Firstly, to convert the periods to decades, you need to extract a year for each period, based on which the calculation will be made. From your comment above, it looks like you need to extract the end year for each period. Given the data, regular expressions are used below to do this (and packages dplyr and stringr).
col_table <- col_table %>%
mutate(Year = case_when(
grepl("^\\d{4}$",Year) ~ Year,
grepl("\\d{4}[–-]\\d{4}",Year) ~ str_sub(Year, start= -4),
grepl("\\d{4}[–-]\\d{2}$",Year) ~ paste0(str_sub(Year,1,2),str_sub(Year,-2)),
grepl("\\d{4}[–-]\\d{1}$",Year) ~ paste0(str_sub(Year,1,3),str_sub(Year,-1))))
What this part of code is doing, is to detect the different cases and extract the proper year. Below there are examples for all cases, that are present on the dataset and what this part of code will result to.
1868 -> 1868
1878-1880 -> 1880
1846–52 -> 1852
1860-1 -> 1861
Now we have the year, so the next step is to extract the decade.
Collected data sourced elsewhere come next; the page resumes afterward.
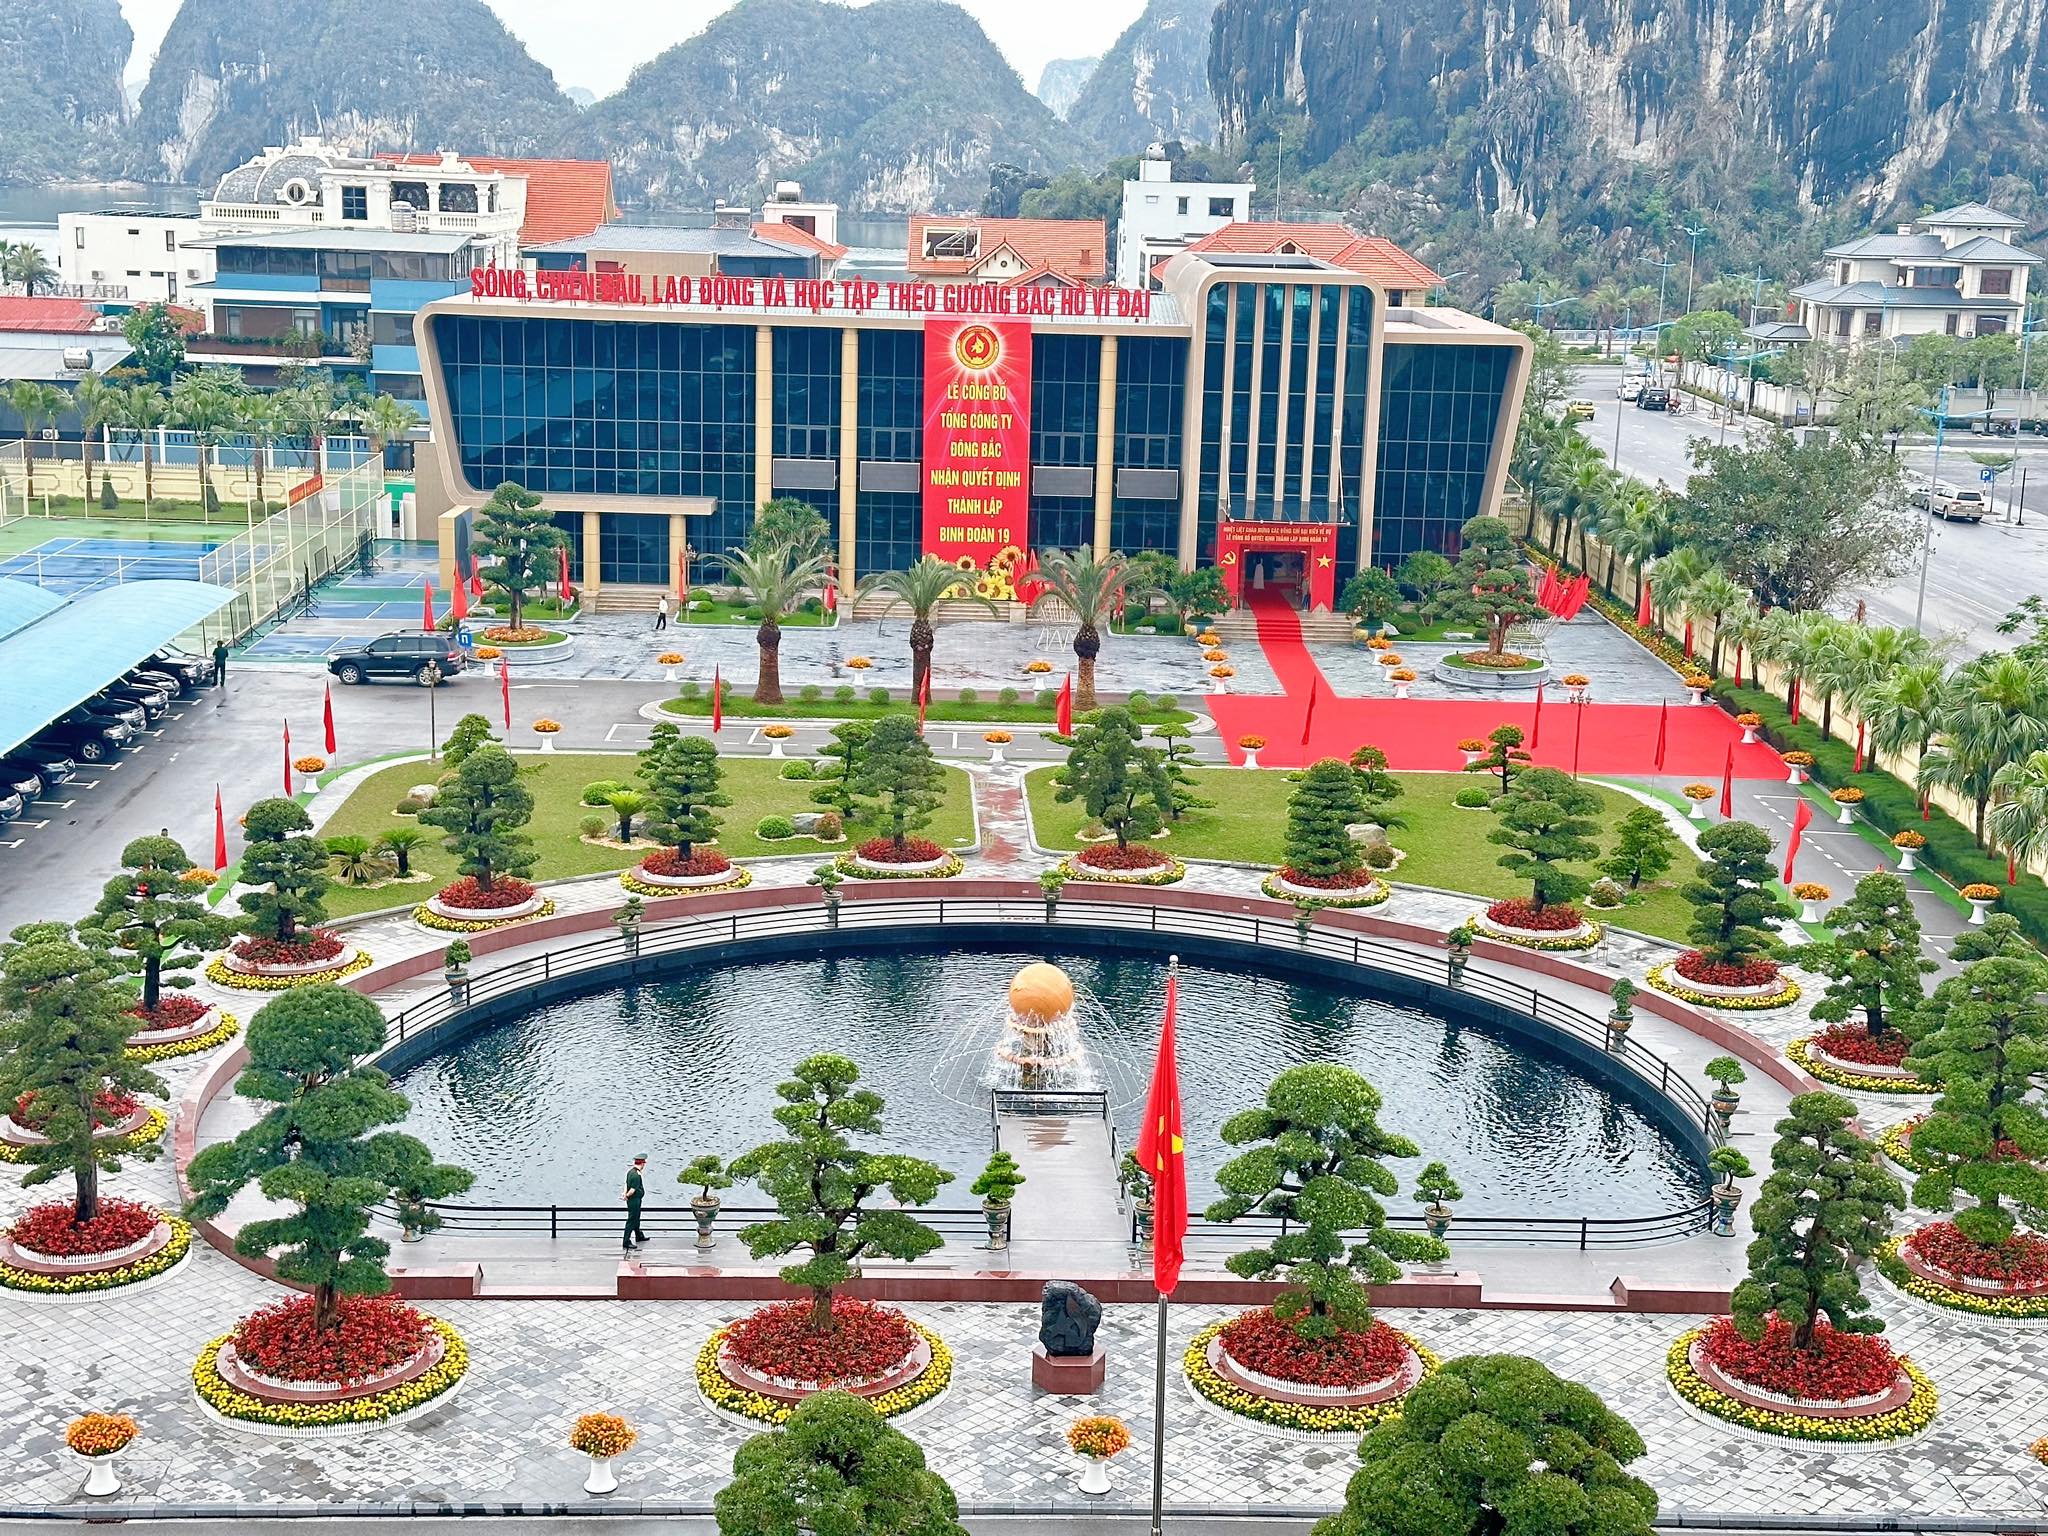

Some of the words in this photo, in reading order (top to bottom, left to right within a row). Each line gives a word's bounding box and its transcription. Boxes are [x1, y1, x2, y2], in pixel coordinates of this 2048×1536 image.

[470, 256, 532, 302] SỐNG,
[652, 275, 692, 304] LAO
[699, 270, 755, 311] ĐỘNG
[762, 272, 788, 307] VÀ
[794, 279, 834, 315] HỌC
[841, 274, 878, 315] TẬP
[886, 281, 936, 311] THEO
[943, 282, 1011, 315] GƯƠNG
[1117, 289, 1151, 322] ĐẠI
[948, 378, 959, 400] LỄ
[962, 381, 990, 400] CÔNG
[993, 380, 1007, 400] BỐ
[940, 407, 967, 428] TỔNG
[970, 410, 998, 429] CÔNG
[1001, 414, 1013, 429] TY
[950, 438, 978, 457] ĐÔNG
[981, 436, 1002, 458] BẮC
[930, 467, 959, 488] NHẬN
[962, 466, 993, 487] QUYẾT
[996, 471, 1020, 489] ĐỊNH
[1982, 470, 1990, 479] P
[948, 495, 980, 514] THÀNH
[983, 496, 1003, 518] LẬP
[940, 526, 964, 542] BINH
[967, 524, 995, 543] ĐOÀN
[998, 528, 1010, 543] 19
To do so, we need to make sure that Year column is numeric and apply the necessary calculation (check here for it: https://stackoverflow.com/a/48966643/8864619)
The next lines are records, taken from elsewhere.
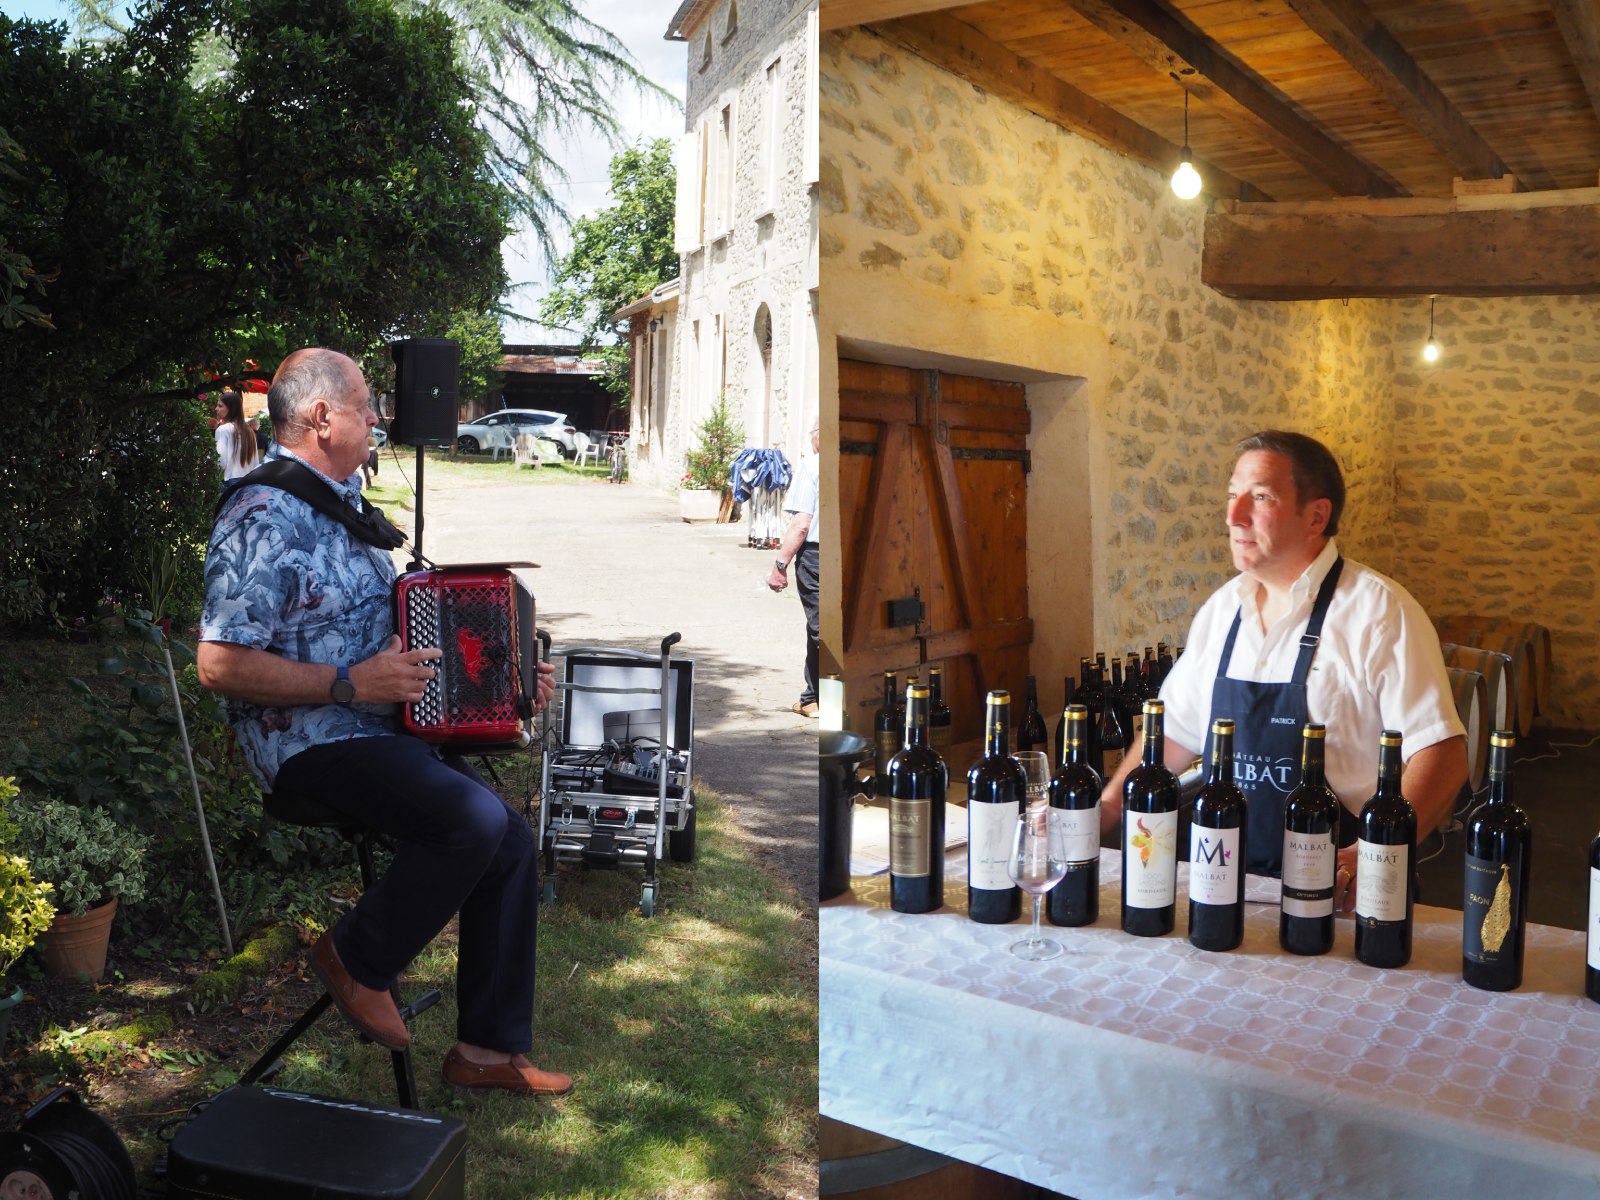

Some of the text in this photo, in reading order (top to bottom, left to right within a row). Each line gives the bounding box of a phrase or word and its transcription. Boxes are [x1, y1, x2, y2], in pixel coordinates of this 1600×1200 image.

[1270, 717, 1296, 725] PATRICK
[1233, 751, 1271, 763] ÂTEAU
[1233, 761, 1293, 793] LBAT
[1195, 836, 1230, 867] M
[1289, 841, 1328, 852] MALBAT
[1358, 849, 1400, 867] MALBAT
[1469, 893, 1490, 906] PAON
col_table <- col_table %>%
mutate(Decade = as.numeric(Year) - as.numeric(Year) %% 10)
To reproduce the plot we need to group by decade and make sure that the Excess Mortality midpoint column is numeric to be able to get the sum of victims per decade.
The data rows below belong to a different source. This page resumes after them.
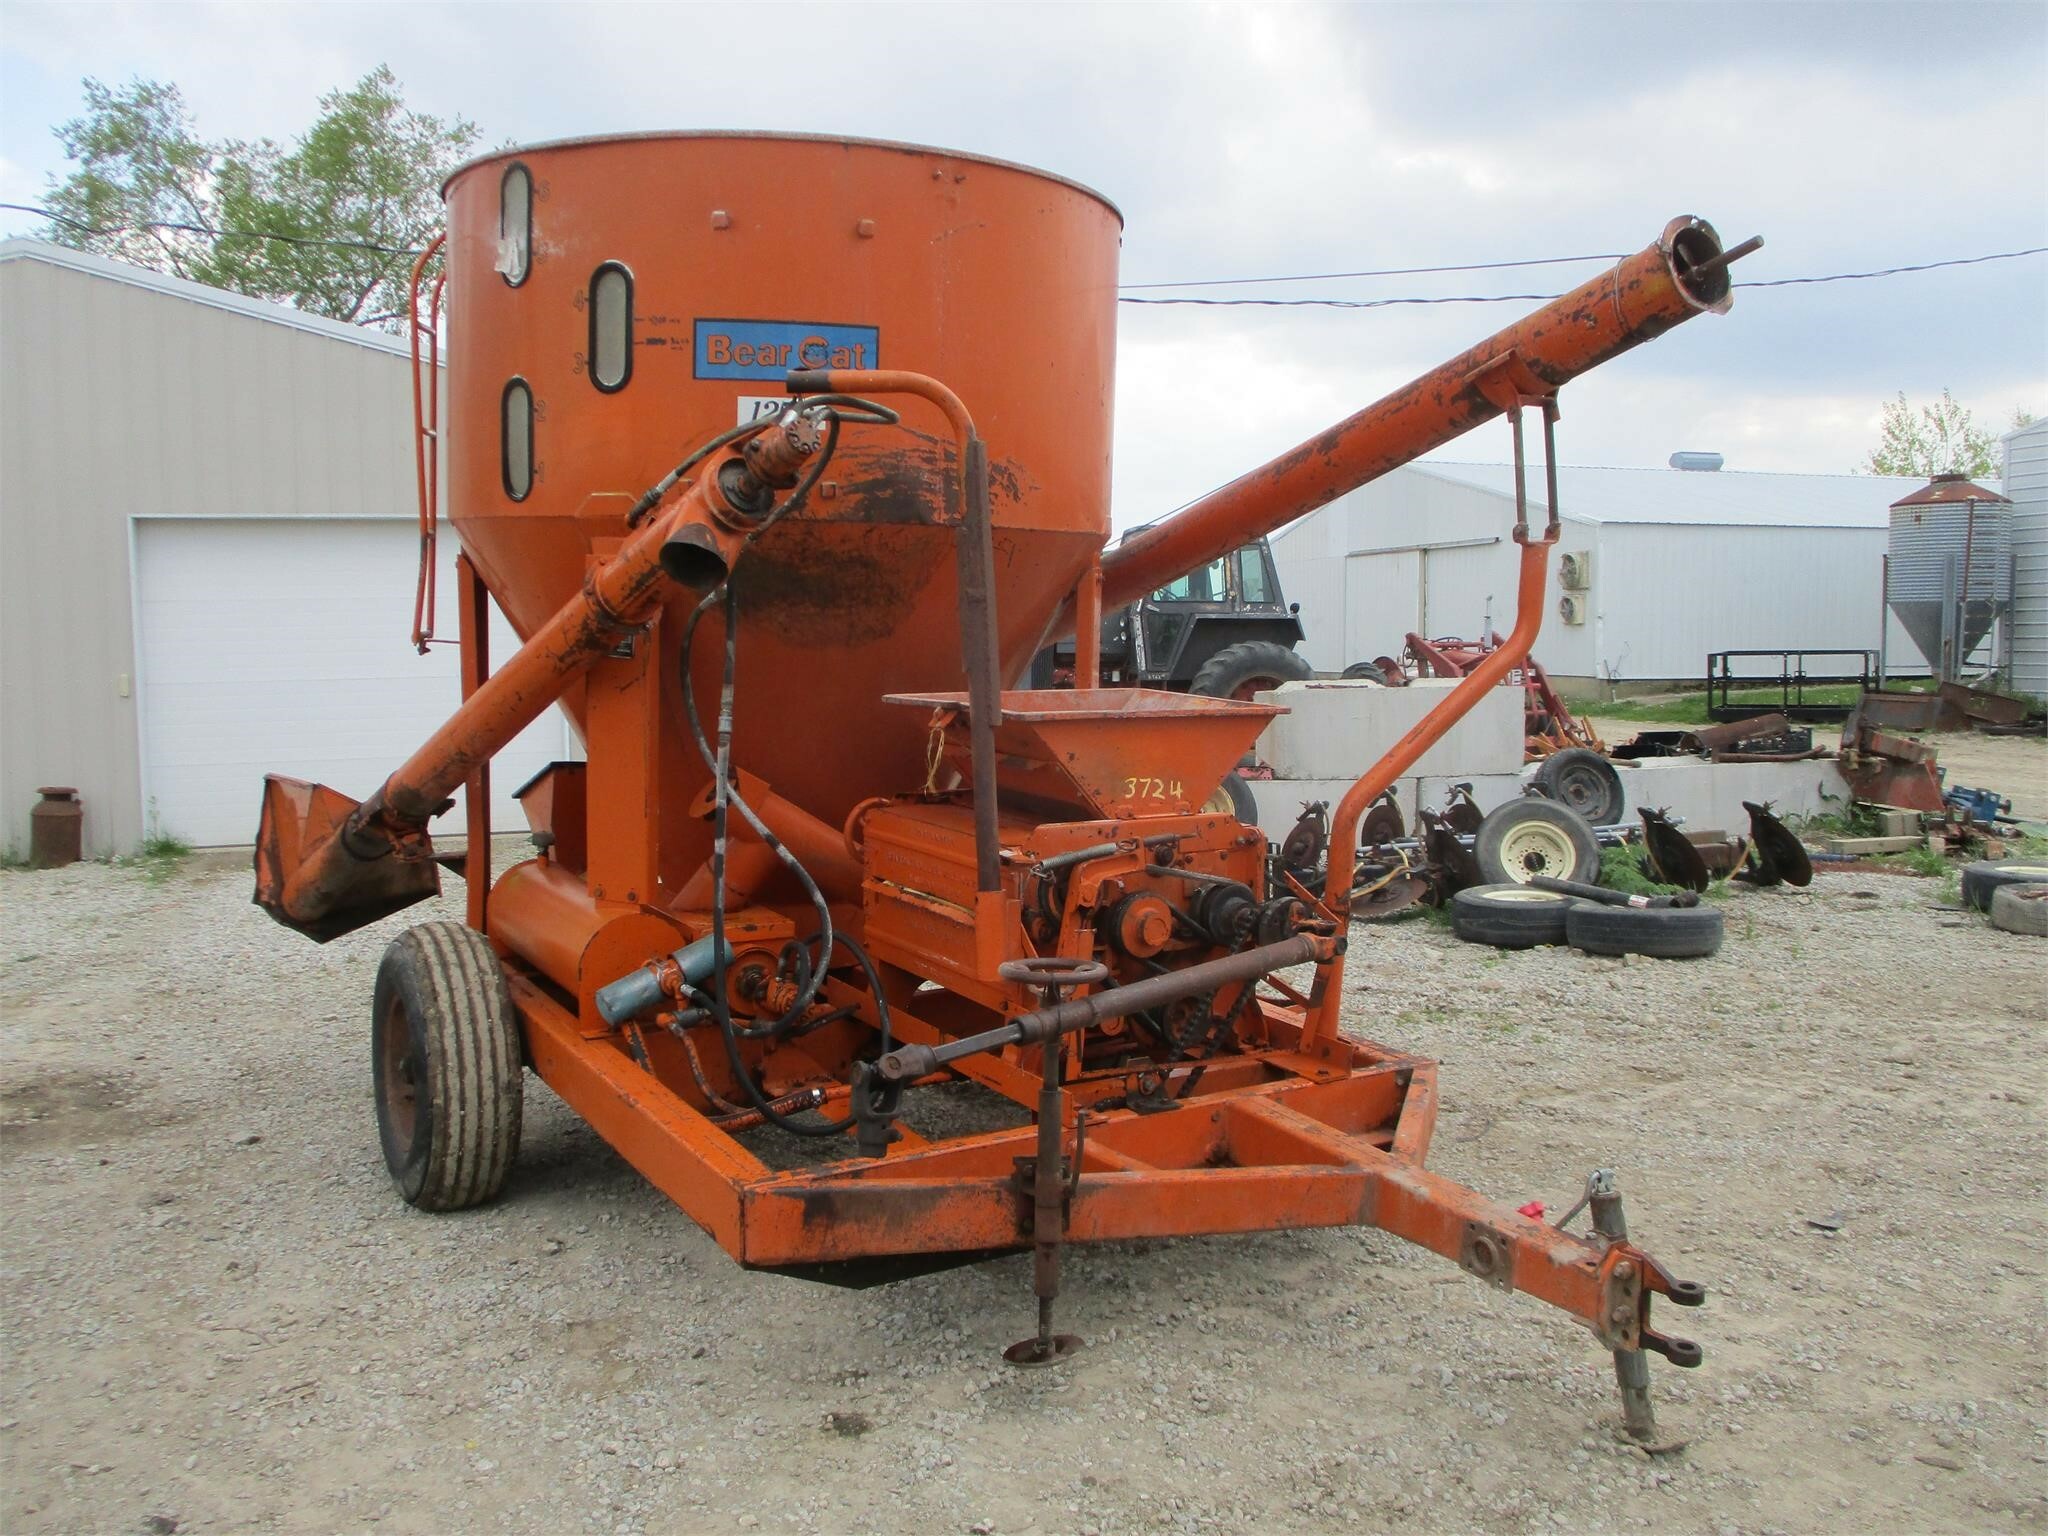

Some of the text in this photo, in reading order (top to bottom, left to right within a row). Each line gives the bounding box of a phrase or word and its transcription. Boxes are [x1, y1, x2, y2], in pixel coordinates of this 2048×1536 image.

[572, 289, 584, 312] 4
[572, 352, 584, 375] 3
[706, 334, 792, 367] Bear
[798, 335, 866, 370] Cat
[536, 400, 546, 423] 2
[1124, 777, 1184, 800] 3724
col_table <- col_table %>%
mutate(`Excess Mortality midpoint` = as.numeric(gsub(",", "", `Excess Mortality midpoint`))) %>%
group_by(Decade) %>%
summarize(val = sum(`Excess Mortality midpoint`)) %>%
ungroup()
For the plot itself, ggplot2 is used:
ylab <- c(5, 10, 15, 20, 25)
options(scipen=999)
p <- ggplot(data = col_table, aes(x=factor(Decade),y=val)) +
geom_bar(stat = "identity", fill = "navy") +
scale_x_discrete(labels = col_table %>% distinct(Decade) %>% mutate(Decade = paste0(Decade,"s")) %>% pull()) +
geom_text(aes(label=format(val,big.mark=",")), size=2,vjust=-0.3) +
scale_y_continuous(labels = paste(ylab, "millions"),breaks = 10^6 * ylab) +
ggtitle('Famine victims worldwide')+
theme(panel.background = element_blank(),
panel.border = element_blank(),
panel.grid.major.x = element_blank(),
panel.grid.major.y = element_line(size = 0.05, linetype = 'solid',
colour = "black"),
axis.title.x = element_blank(),
axis.title.y = element_blank())
p
So, putting everything together, the following code should get you a column for the year and a column for the relevant decade, which should be then used to create the plot you want to:
library(rvest)
library(dplyr)
library(stringr)
library(ggplot2)
col_link <- "https://ourworldindata.org/famines#famines-by-world-region-since-1860"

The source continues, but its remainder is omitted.